Depuis l’introduction des neuroleptiques en psychiatrie, depuis les efforts psychothérapiques et sociothérapiques, la majorité des délires chroniques sont nettement améliorés et stabilisés. De nombreux malades quittent l’hôpital après leur traitement et peuvent reprendre une vie quasi normale, à condition de suivre un traitement continu et de se plier à la discipline des consultations régulières. Il faut aussi que l’entourage, notamment la famille et les employeurs, fasse preuve de bonne volonté et de compréhension. Ces bons résultats sont dus à l’action des médicaments psychotropes sur l’anxiété, les troubles de l’humeur, les hallucinations et la force des convictions délirantes. Grâce à cette action médicamenteuse puissamment réductrice du délire, les malades prennent une certaine distance à l’égard de leurs idées délirantes et parviennent parfois à les critiquer totalement. Il faut bien savoir néanmoins que la conviction de certains délirants, surtout les paranoïaques et les passionnels, reste intacte malgré le traitement. Ils deviennent simplement plus indifférents, moins passionnés, leur délire tend à s’enkyster, à se limiter à quelques idées assez pauvres et peu actives. L’abord psychothérapique, facilité par la chimiothérapie, a fait de très sensibles progrès ces dernières années. Les méthodes sociothérapiques ou institutionnelles ont aussi beaucoup aidé à la réinsertion socioprofessionnelle des délirants. La plupart des délirants chroniques peuvent actuellement être hospitalisés dans les services de psychiatrie ouverts, ou traités en consultation, et l’on tend à éviter l’internement dans la mesure du possible.

G. R.

 N. T. Koressios, Recherches psychothérapiques sur les délires (Maloine, 1943). / J. et L. Gayral, les Délires de possession diabolique (Vigot, 1944). / P. Guyraud et coll., Psychopathologie des délires (Hermann, 1950). / K. Schneider, Über den Wahn (Stuttgart, 1952). / A. Achaintre, les Délires (les Monographies médicales et scientifiques, 1964 ; 2 vol.). / H. Faure, les Objets dans la folie, t. II : les Appartenances du délirant (P. U. F., 1966).

délit

Au sens large, toute infraction à la loi. En droit pénal, infraction que le législateur punit d’une peine correctionnelle, par opposition au crime* et aux contraventions*.

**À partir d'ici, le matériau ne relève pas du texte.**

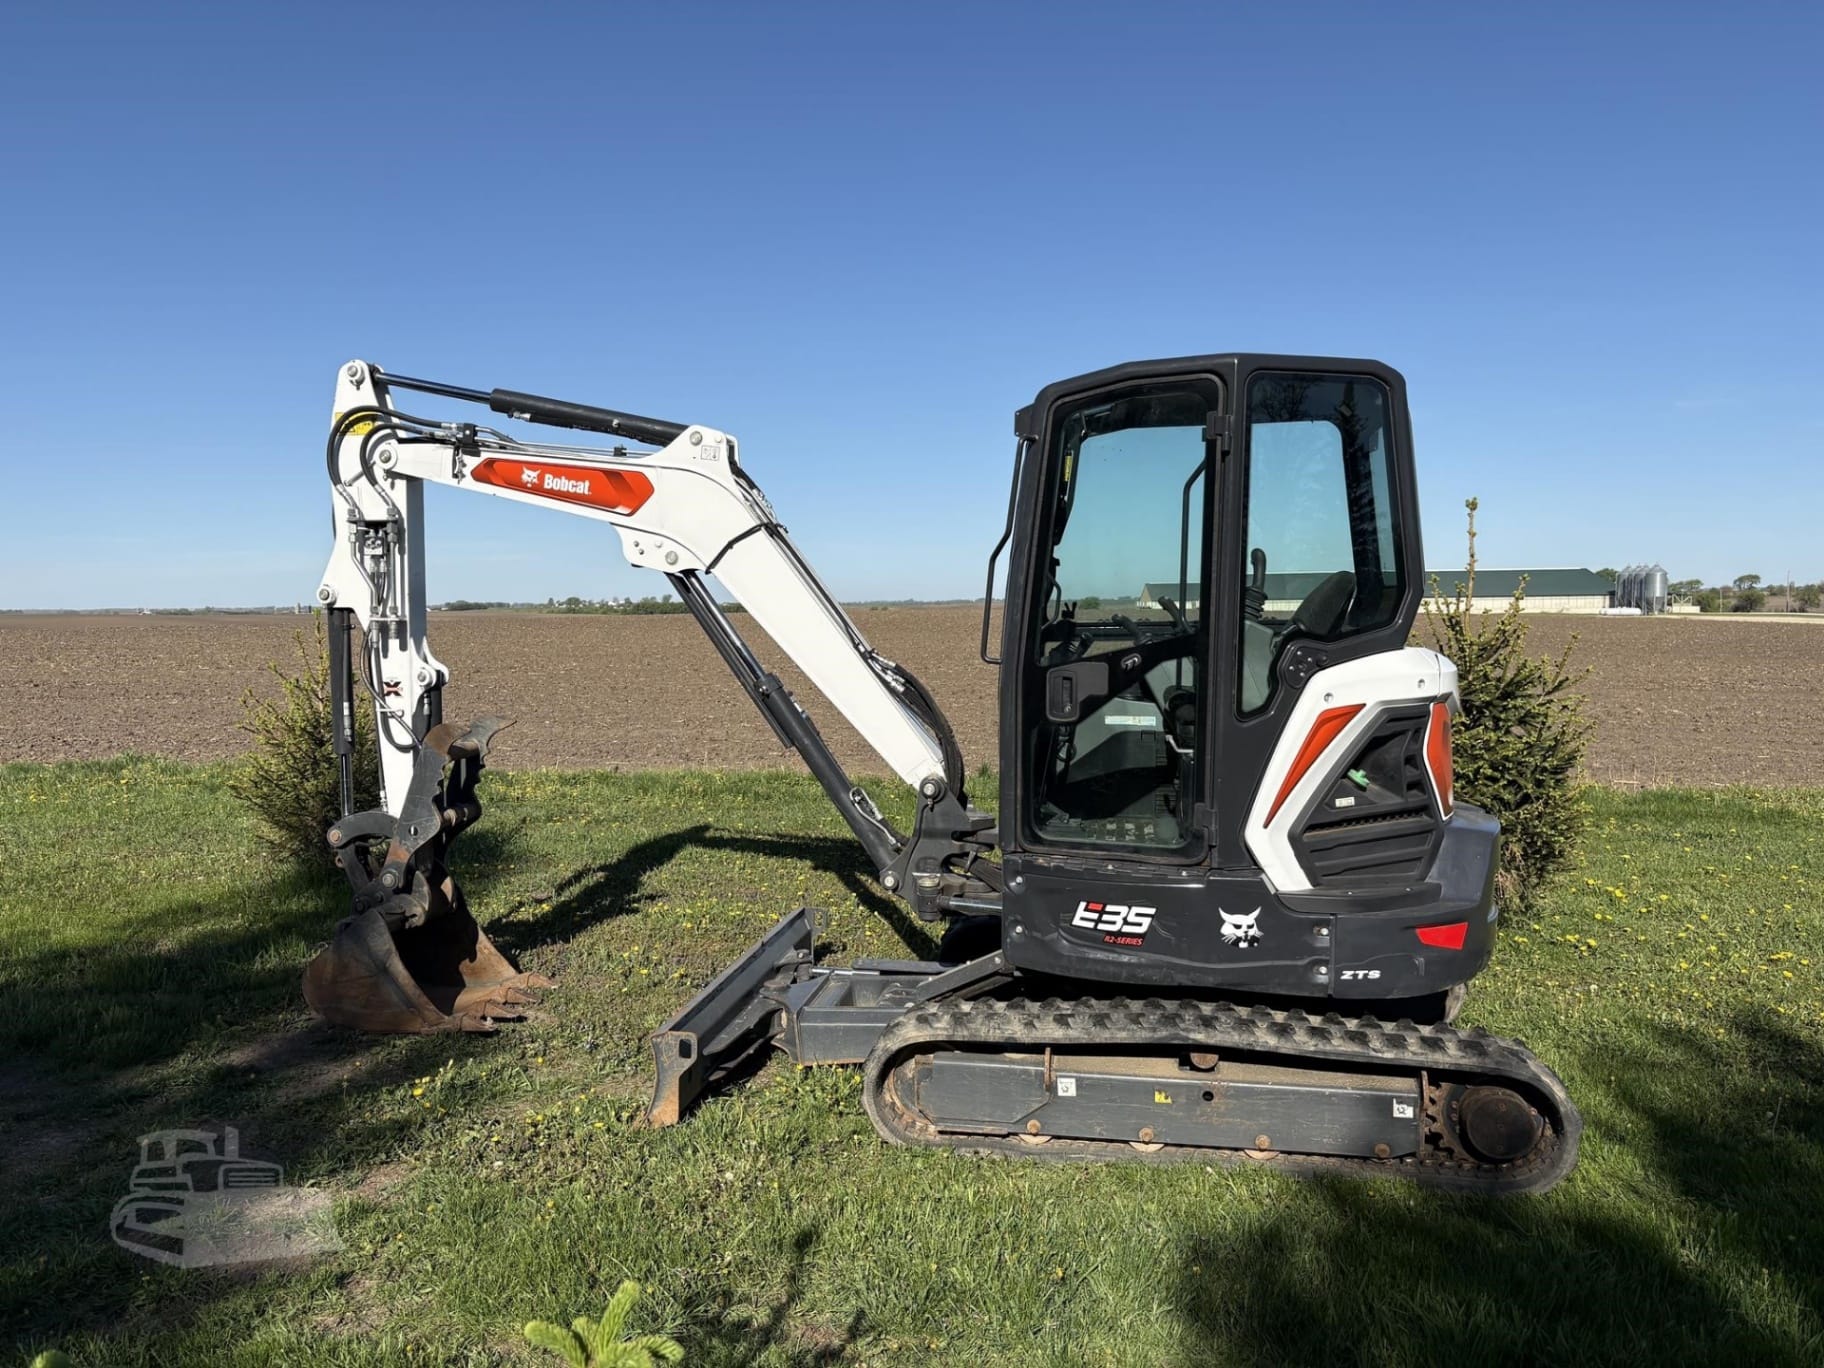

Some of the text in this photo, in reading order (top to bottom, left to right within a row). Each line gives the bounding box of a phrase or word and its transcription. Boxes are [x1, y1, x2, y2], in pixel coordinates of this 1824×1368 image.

[543, 473, 590, 496] Bobcat
[1071, 901, 1157, 933] E35
[1340, 970, 1382, 980] ZTS

Le délit pénal, qui est nécessairement assorti d’une peine, est constitué par la violation d’un texte de loi qui l’établit formellement. Il existe aussi un délit civil, qui se confond parfois avec le délit pénal et qui est l’objet d’une disposition très générale du Code civil : « Tout fait quelconque de l’homme, qui cause à autrui un dommage, oblige celui par la faute duquel il est arrivé à le réparer » (art. 1382). Ainsi, en cas de collision entre une automobile et un piéton ayant entraîné la mort de ce dernier, s’il y a eu faute du conducteur, ce dernier a commis un délit civil et, en outre, un délit pénal, le délit d’homicide involontaire prévu par l’art. 319 du Code pénal.

Le délit peut être réalisé par une action qui s’exécute en un instant, tel le vol, la soustraction frauduleuse de la chose d’autrui, ou par une action qui se poursuit dans le temps et qui s’y prolonge par la réitération constante de la volonté coupable de son auteur, tels le port illégal de décorations ou le recel de choses volées ou détournées ; ou encore, il pourra s’agir d’un délit continué, comme ce sera le cas pour le vol d’eau, de gaz ou d’électricité, effectué au moyen d’un branchement direct sur les canalisations. Parfois, le délit, pour être punissable, exige non pas une action unique ou isolée, mais l’accomplissement de plusieurs actes semblables dont chacun, pris isolément, n’est pas répréhensible, tandis que la répétition constitue l’infraction punissable : il en est ainsi de l’exercice illégal de la médecine, qui ne saurait être constitué par la participation à un acte médical unique. Enfin, l’escroquerie est l’exemple type de délit complexe qui suppose plusieurs actes différents, coordonnés et concourant à une fin unique, étapes successives d’une seule entreprise délictueuse tendant à escroquer tout ou partie de la fortune d’autrui.